目的:研究PEP-1-SOD1融合蛋白转导入大鼠骨髓间充质干细胞(MSCs)的能力及其在缺氧无血清条件下对MSCs的保护作用。方法:将纯化后的SOD1和PEP-1-SOD1蛋白分别加入到培养及鉴定后的第3代MSCs中,免疫荧光法和Western blot分析PEP-1-SOD1穿透入MSCs的变化,黄嘌呤氧化酶法分析其SOD酶活性。将2.5μmol/L PEP-1-SOD1预处理MSCs 45 min后去除PEP-1-SOD1,缺氧无血清条件下再处理24 h,Annexin V/PI双染标记,流式细胞术分析MSCs凋亡情况。结果:PEP-1-SOD1融合蛋白可以转导入MSCs,呈时间和剂量依赖性分布于胞浆和胞核,缺氧无血清条件下MSCs凋亡率明显降低(P<0.05)。结论:PEP-1-SOD1融合蛋白可以高效、稳定转导入MSCs,并对缺氧无血清所诱导的MSCs凋亡具有显著保护作用。

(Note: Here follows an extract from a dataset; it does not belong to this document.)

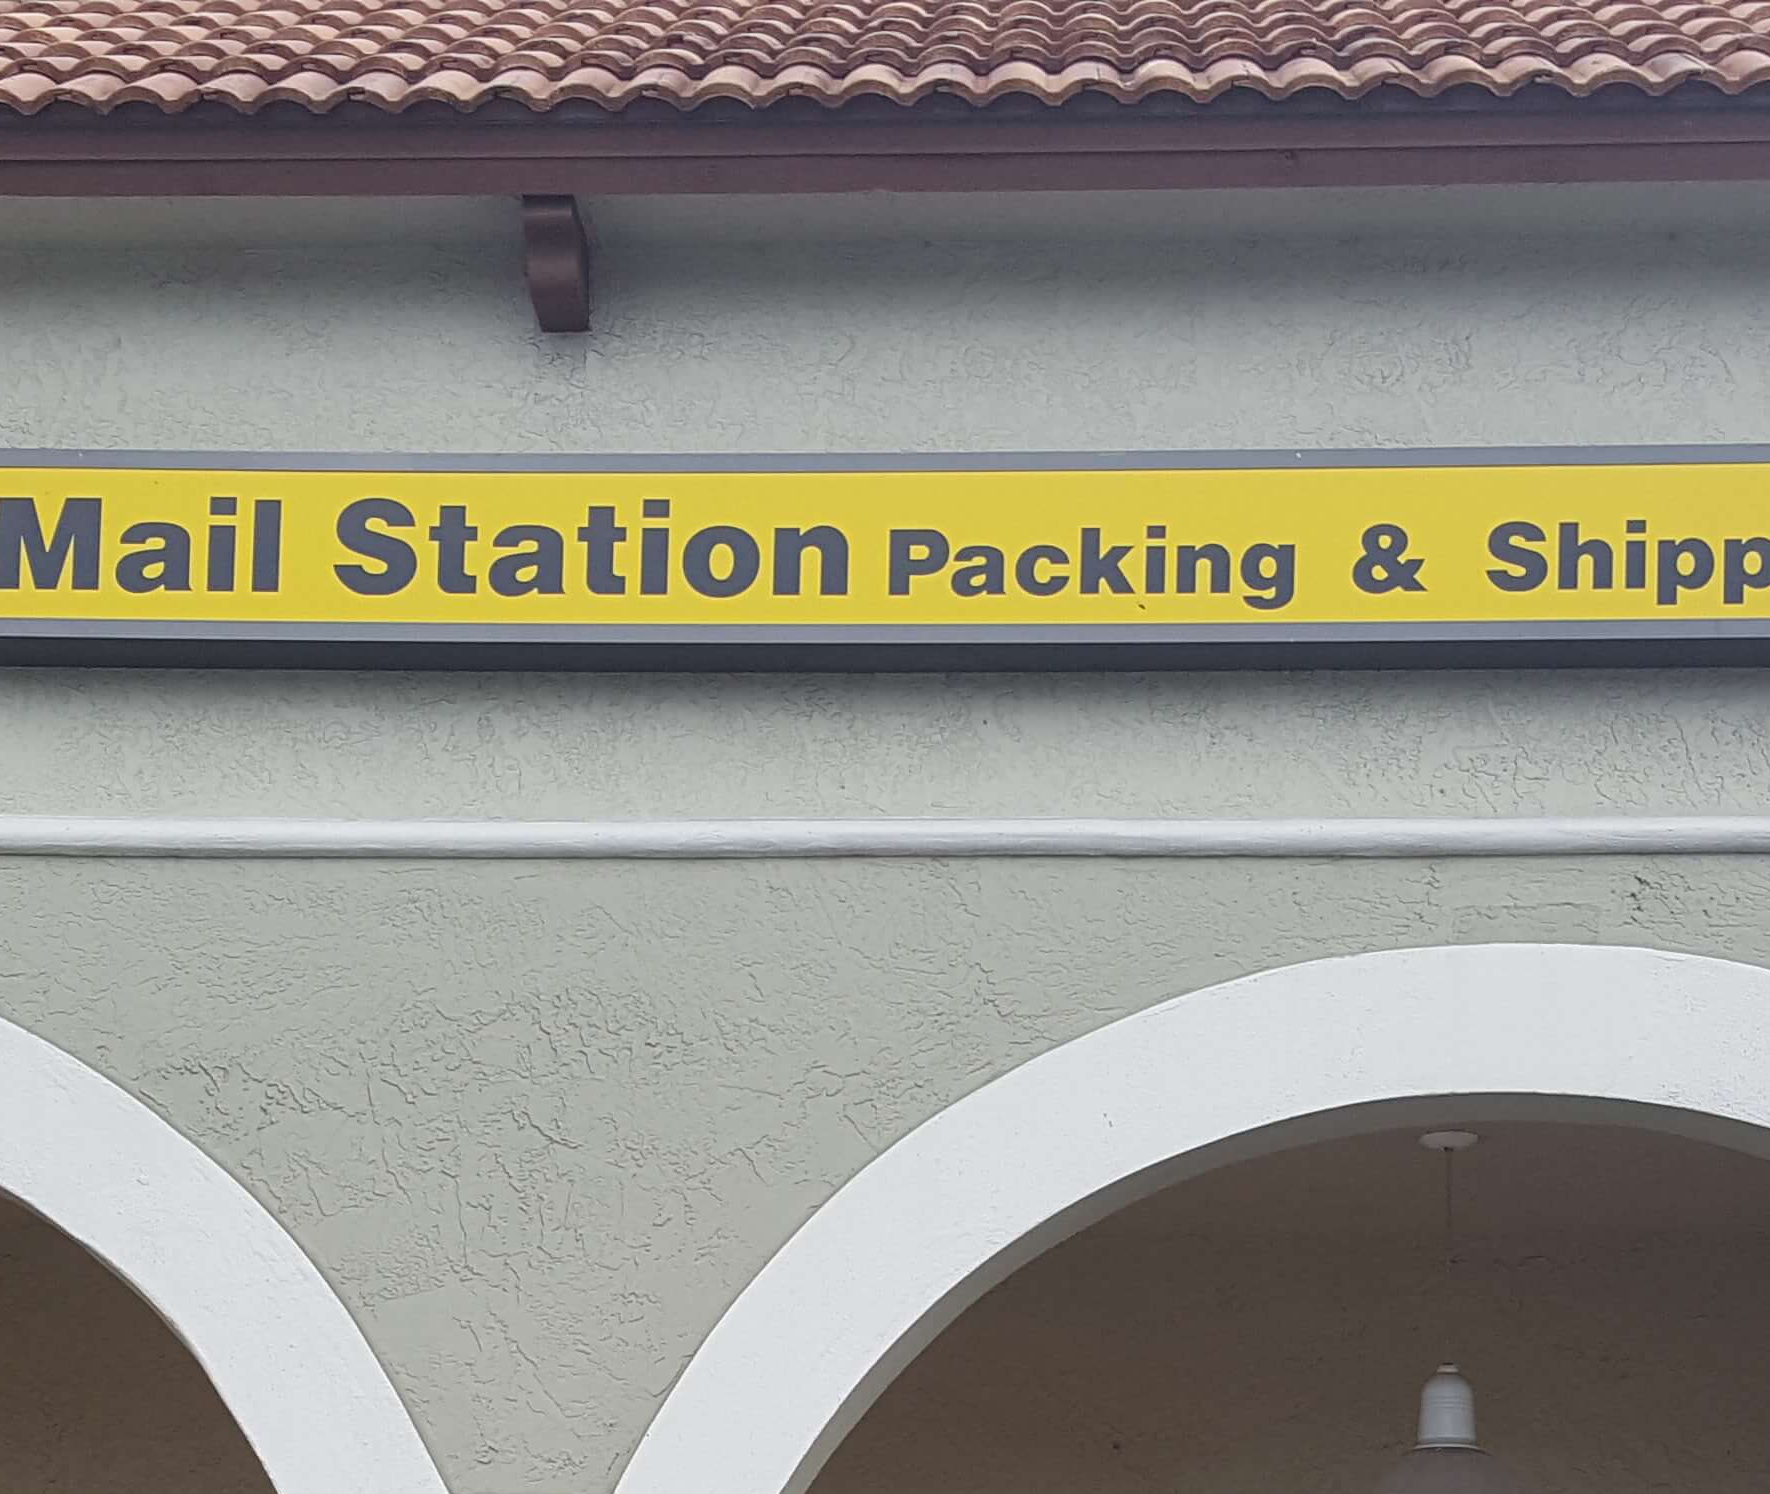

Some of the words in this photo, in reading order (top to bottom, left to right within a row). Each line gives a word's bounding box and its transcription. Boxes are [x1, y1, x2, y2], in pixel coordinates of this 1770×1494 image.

[332, 497, 849, 598] Station
[887, 525, 1296, 609] Packing
[1350, 523, 1428, 593] &

The Protective Effect of PEP-1-SOD1 Preconditioning Under Hypoxia and Serum Deprivation Condition in Rat Bone Marrow Mesenchymal Stem Cells

Objective To investigate the ability of PEP-1-SOD1 fusion protein transducting into rat bone marrow mesenchymal stem cells(MSCs),and its protective effects on MSCs under hypoxia and serum deprivation condition.Methods MSCs were cultured and characterized,the purified PEP-SOD1 and SOD1 was added in the third generation MSCs.The localization of PEP-1-SOD1 in MSCs was detected by immunofluorescecnce method,the PEP-1-SOD1 levels in MSCs were detected by semi-quantity Western blot.The activity of PEP-1-SOD1 in MSCs was detected by xanthine oxidase method.MSCs were pre-treated with 2.5μmol/L PEP-1-SOD1 for 45 minutes,and the cells were cultured under hypoxia and serum deprivation condition.The apoptosis of cells pretreated or untreated with PEP-1-SOD1 were analyzed by flow cytometry with annexin V FITC/PI double staining after 24 hours.Results PEP-1-SOD1 fusion protein could be transduced into MSCs in time and dose dependentand manner,distributed in cytoplasm and nuclei.The PEP-1-SOD1 preconditioning could significantly decreased the apoptosis inducing by hypoxia and serum deprivation(P<0.05).Conclusion PEP-1-SOD1 fusion protein could be efficiently transduced into MSCs,and protect the MSCs apoptosis from hypoxia and serum deprivation condition.